» Instructions to follow: Carry over every entry exactly as written, though not the pictures it contains.
===
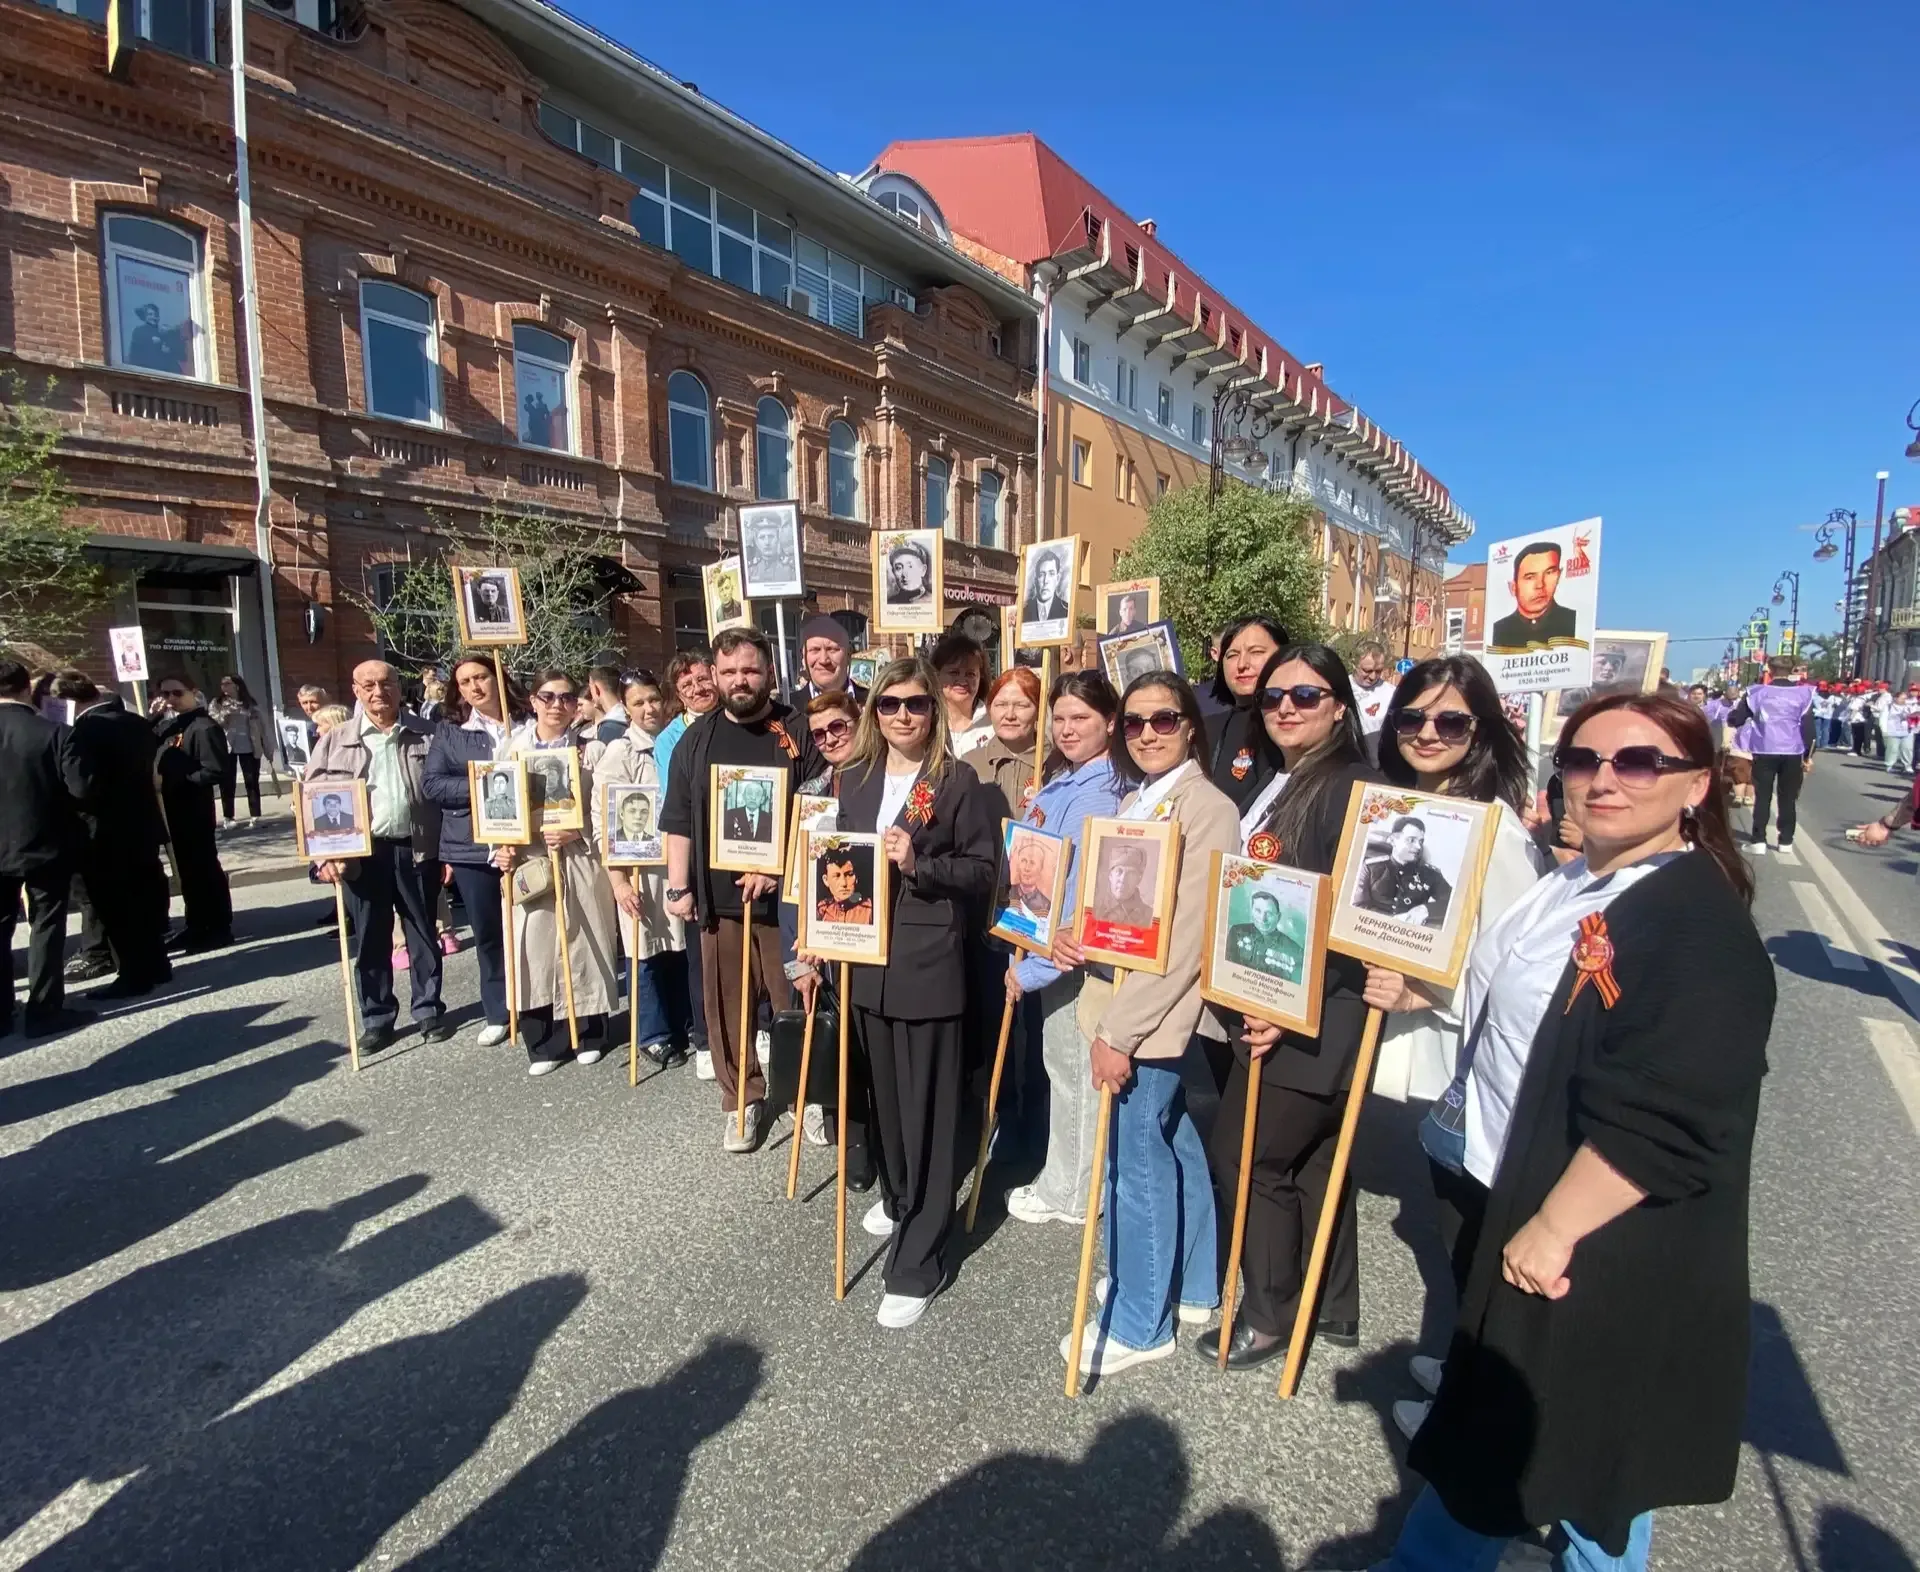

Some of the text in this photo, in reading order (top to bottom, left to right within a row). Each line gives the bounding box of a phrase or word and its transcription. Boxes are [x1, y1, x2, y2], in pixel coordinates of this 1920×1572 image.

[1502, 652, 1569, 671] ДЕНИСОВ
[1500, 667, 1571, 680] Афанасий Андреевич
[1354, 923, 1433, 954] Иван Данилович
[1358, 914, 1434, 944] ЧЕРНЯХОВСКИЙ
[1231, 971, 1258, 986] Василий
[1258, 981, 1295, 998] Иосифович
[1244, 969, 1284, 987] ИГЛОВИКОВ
===
» Completed task:
Some of the text in this photo, in reading order (top to bottom, left to right within a row). Each line gives the bounding box of a phrase or word and its transcription. Boxes are [x1, y1, x2, y2], in pixel coordinates of this 1920×1572 image.

[1502, 652, 1569, 671] ДЕНИСОВ
[1500, 667, 1571, 680] Афанасий Андреевич
[1354, 923, 1433, 954] Иван Данилович
[1358, 914, 1434, 944] ЧЕРНЯХОВСКИЙ
[1231, 971, 1258, 986] Василий
[1258, 981, 1295, 998] Иосифович
[1244, 969, 1284, 987] ИГЛОВИКОВ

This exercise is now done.